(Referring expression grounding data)

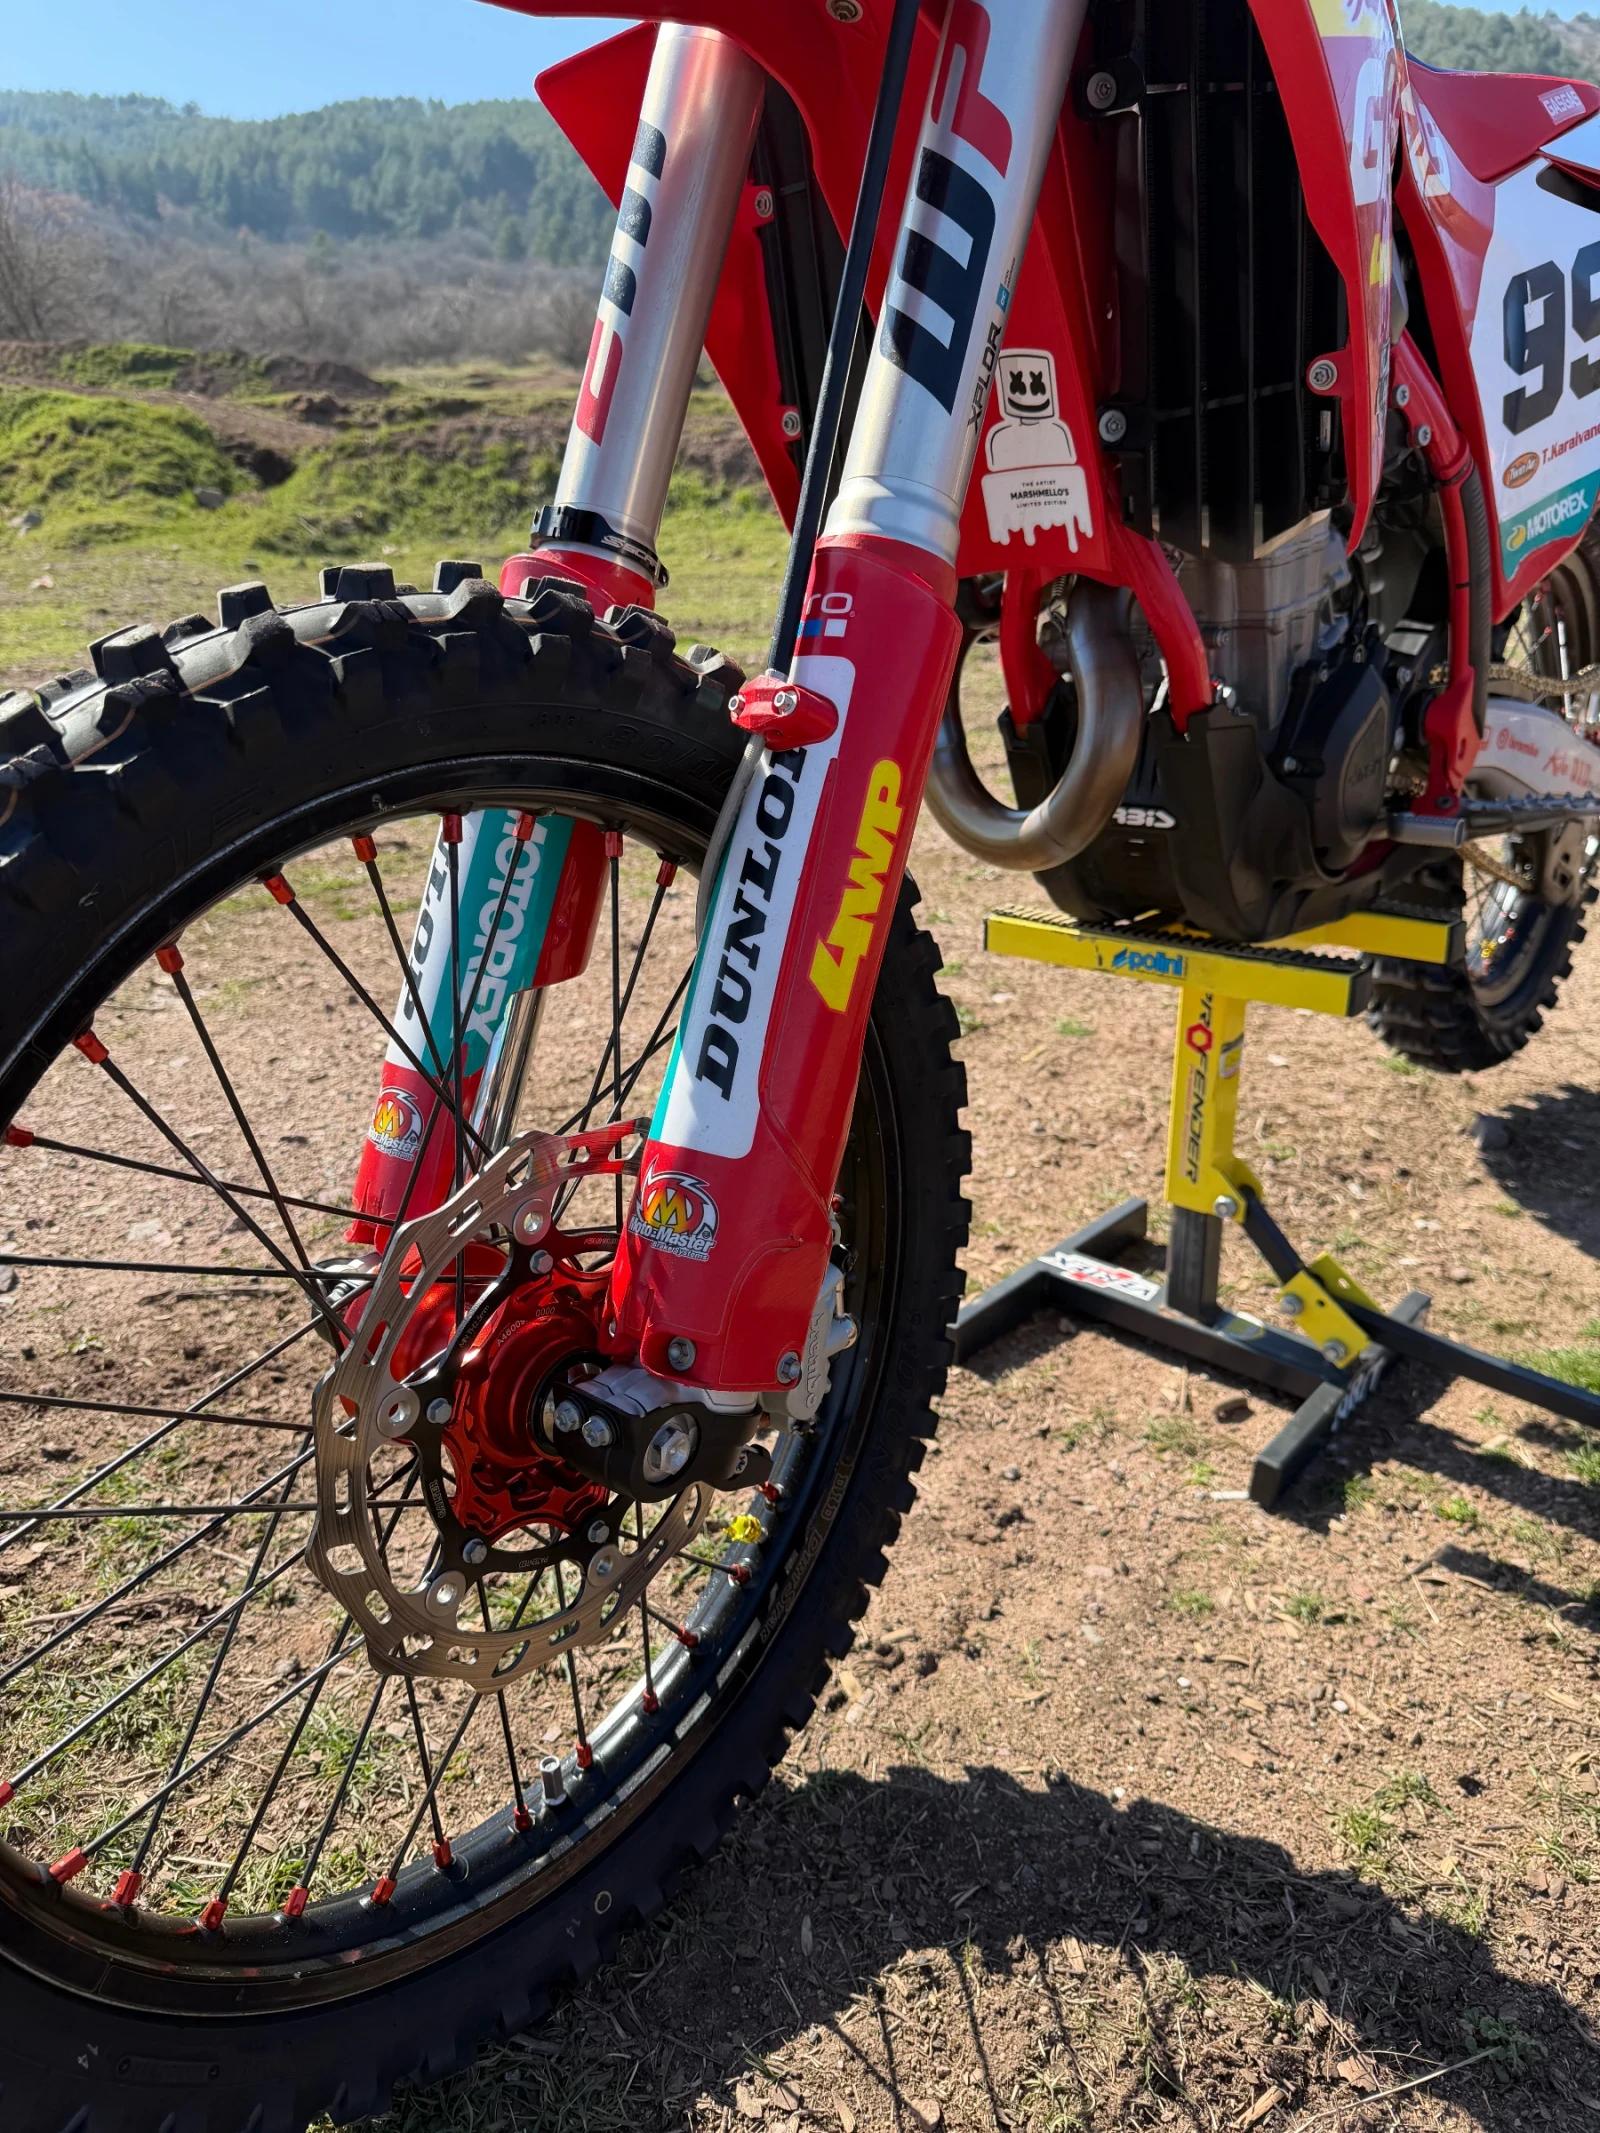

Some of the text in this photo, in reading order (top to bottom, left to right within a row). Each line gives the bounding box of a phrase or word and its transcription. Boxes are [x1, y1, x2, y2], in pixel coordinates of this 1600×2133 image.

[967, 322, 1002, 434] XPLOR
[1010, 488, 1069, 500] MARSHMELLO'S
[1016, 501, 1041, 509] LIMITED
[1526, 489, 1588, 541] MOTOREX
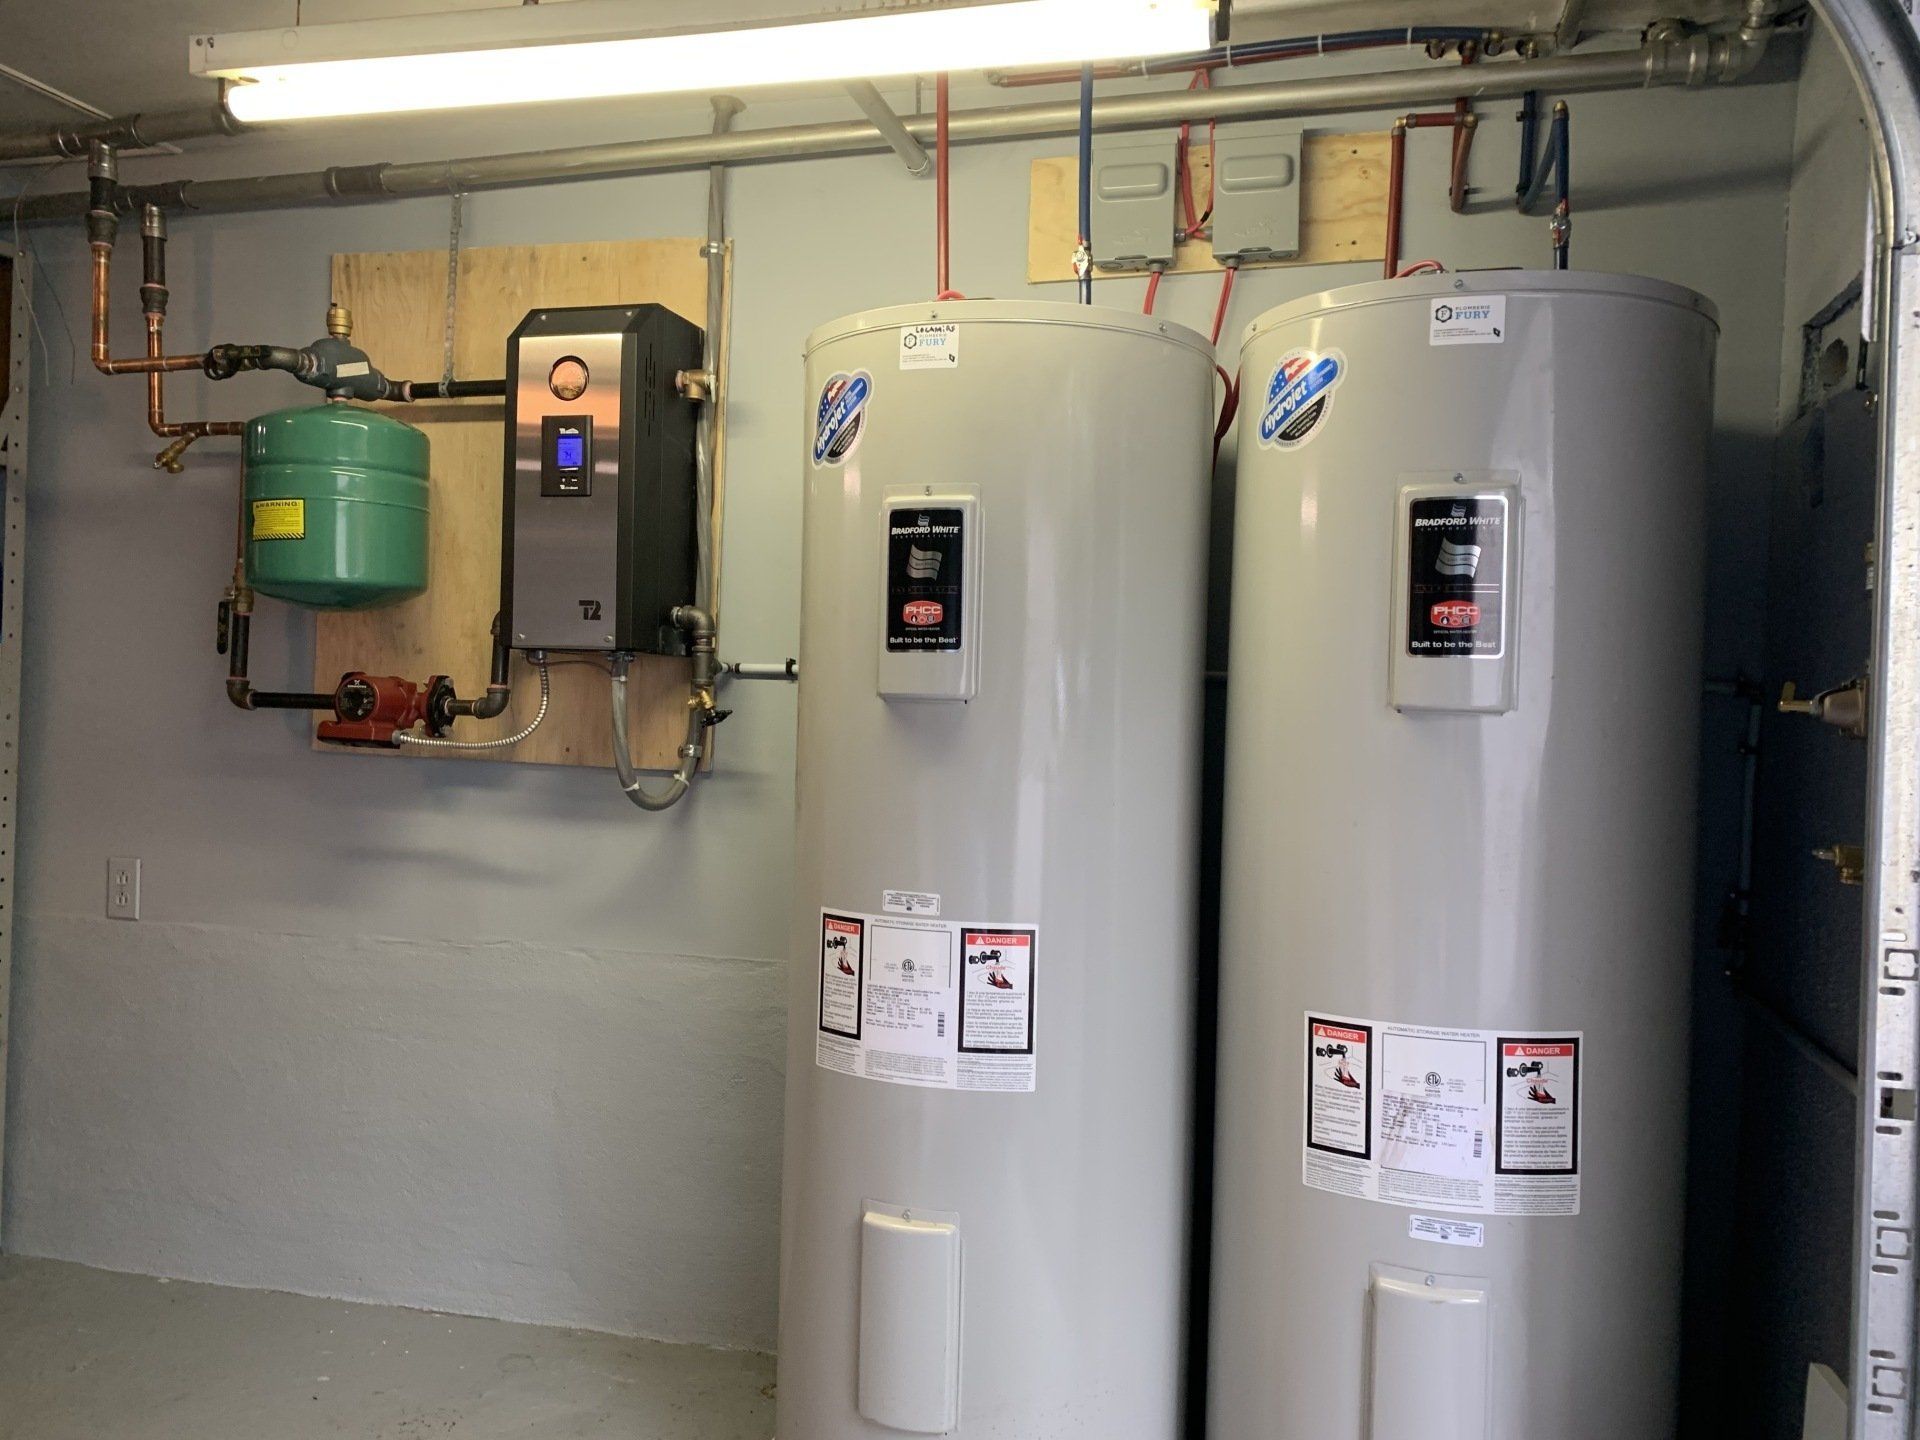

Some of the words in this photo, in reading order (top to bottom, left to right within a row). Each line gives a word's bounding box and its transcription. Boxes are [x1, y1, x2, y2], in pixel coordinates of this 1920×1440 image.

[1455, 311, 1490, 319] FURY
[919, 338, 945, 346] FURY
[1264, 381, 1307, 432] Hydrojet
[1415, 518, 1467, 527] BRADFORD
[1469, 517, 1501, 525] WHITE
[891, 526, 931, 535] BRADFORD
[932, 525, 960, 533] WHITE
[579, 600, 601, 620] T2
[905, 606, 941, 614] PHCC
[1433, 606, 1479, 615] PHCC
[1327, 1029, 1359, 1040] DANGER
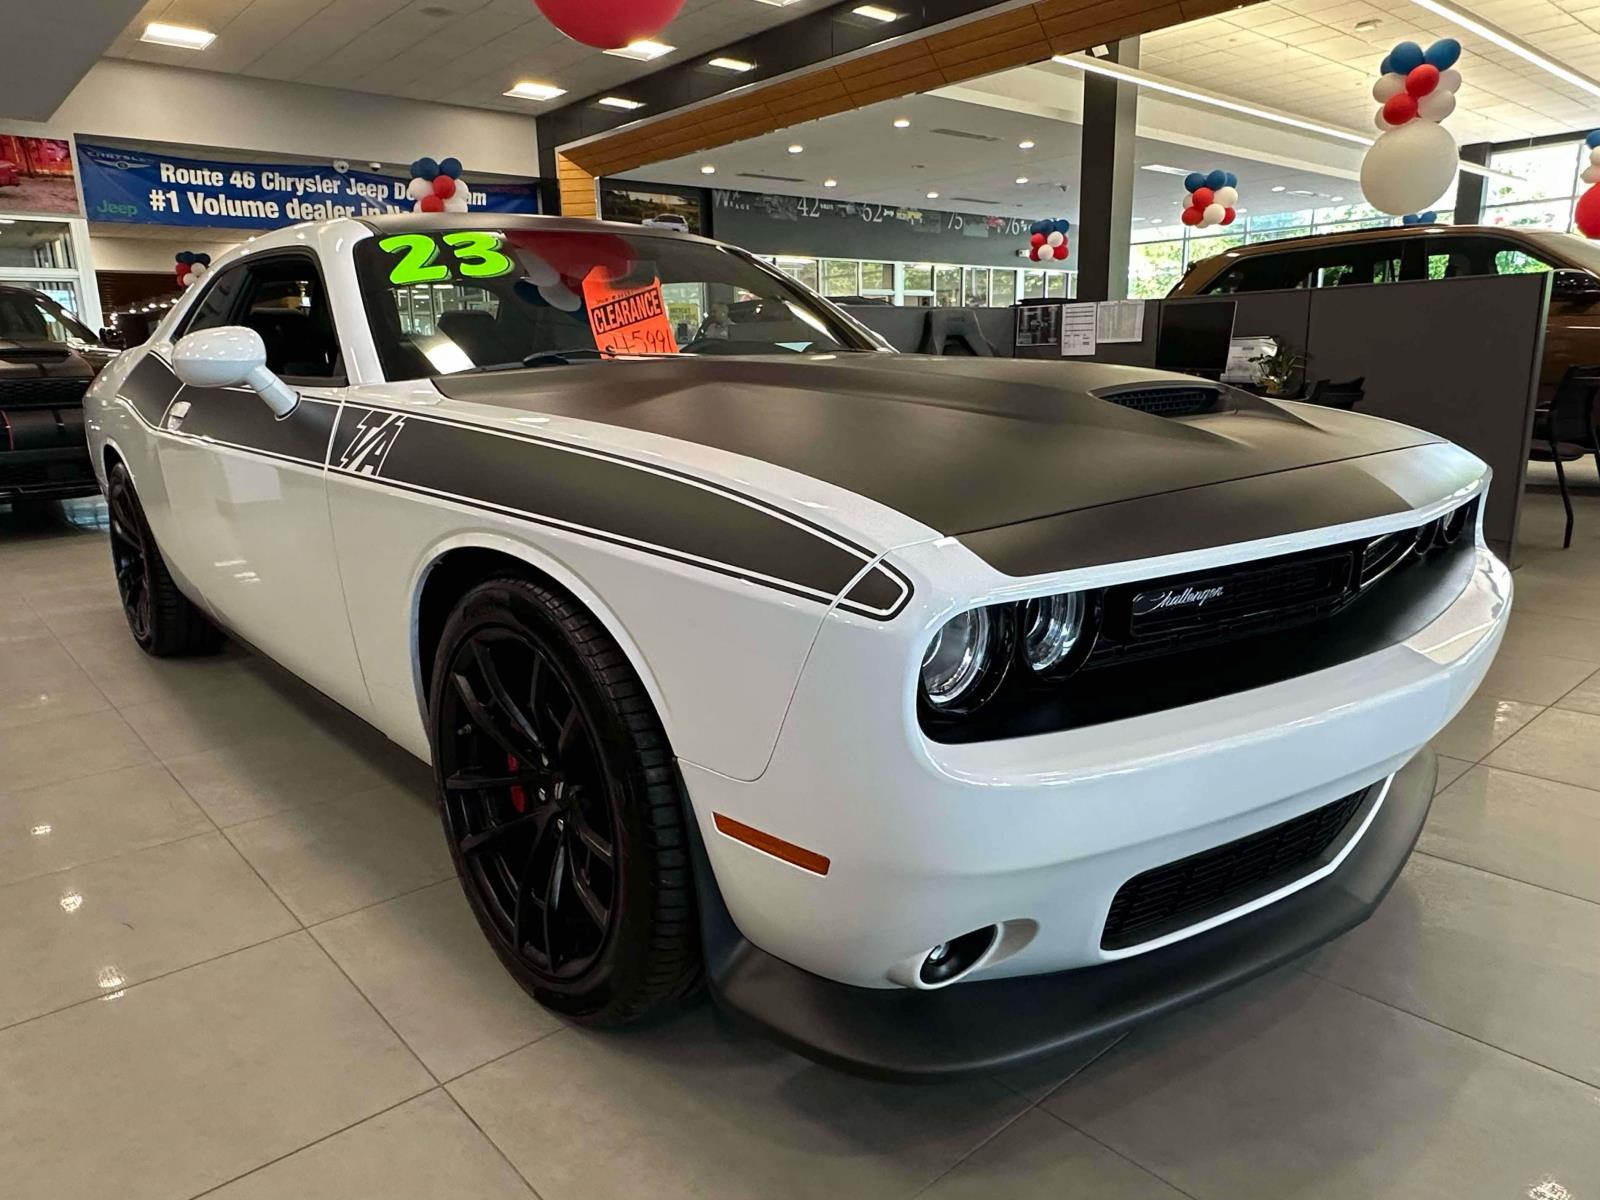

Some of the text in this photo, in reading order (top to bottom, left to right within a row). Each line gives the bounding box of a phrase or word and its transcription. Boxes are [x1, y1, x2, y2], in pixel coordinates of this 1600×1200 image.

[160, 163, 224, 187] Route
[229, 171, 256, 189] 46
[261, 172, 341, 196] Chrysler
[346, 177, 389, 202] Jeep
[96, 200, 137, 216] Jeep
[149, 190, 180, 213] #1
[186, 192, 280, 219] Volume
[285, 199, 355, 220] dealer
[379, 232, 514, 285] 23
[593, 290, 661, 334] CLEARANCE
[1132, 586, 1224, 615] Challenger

WHAT THIS TASK INVOLVES:
Every entry must be reproduced exactly, with the images left out.

FINISHED TASK:
Some of the text in this photo, in reading order (top to bottom, left to right within a row). Each line gives the bounding box of a phrase or word and its transcription. Boxes are [x1, y1, x2, y2], in pixel coordinates of this 1600×2133 image.

[967, 322, 1002, 434] XPLOR
[1010, 488, 1069, 500] MARSHMELLO'S
[1016, 501, 1041, 509] LIMITED
[1526, 489, 1588, 541] MOTOREX

Some of the words in this photo, in reading order (top to bottom, left to right within a row). Each line gives a word's bounding box and its transcription. Boxes are [x1, y1, x2, y2], in pixel coordinates of this 1920×1440 image.

[1455, 311, 1490, 319] FURY
[919, 338, 945, 346] FURY
[1264, 381, 1307, 432] Hydrojet
[1415, 518, 1467, 527] BRADFORD
[1469, 517, 1501, 525] WHITE
[891, 526, 931, 535] BRADFORD
[932, 525, 960, 533] WHITE
[579, 600, 601, 620] T2
[905, 606, 941, 614] PHCC
[1433, 606, 1479, 615] PHCC
[1327, 1029, 1359, 1040] DANGER

Some of the text in this photo, in reading order (top to bottom, left to right within a row). Each line gives the bounding box of a phrase or word and its transcription. Boxes are [x1, y1, x2, y2], in pixel coordinates of this 1600×1200 image.

[160, 163, 224, 187] Route
[229, 171, 256, 189] 46
[261, 172, 341, 196] Chrysler
[346, 177, 389, 202] Jeep
[96, 200, 137, 216] Jeep
[149, 190, 180, 213] #1
[186, 192, 280, 219] Volume
[285, 199, 355, 220] dealer
[379, 232, 514, 285] 23
[593, 290, 661, 334] CLEARANCE
[1132, 586, 1224, 615] Challenger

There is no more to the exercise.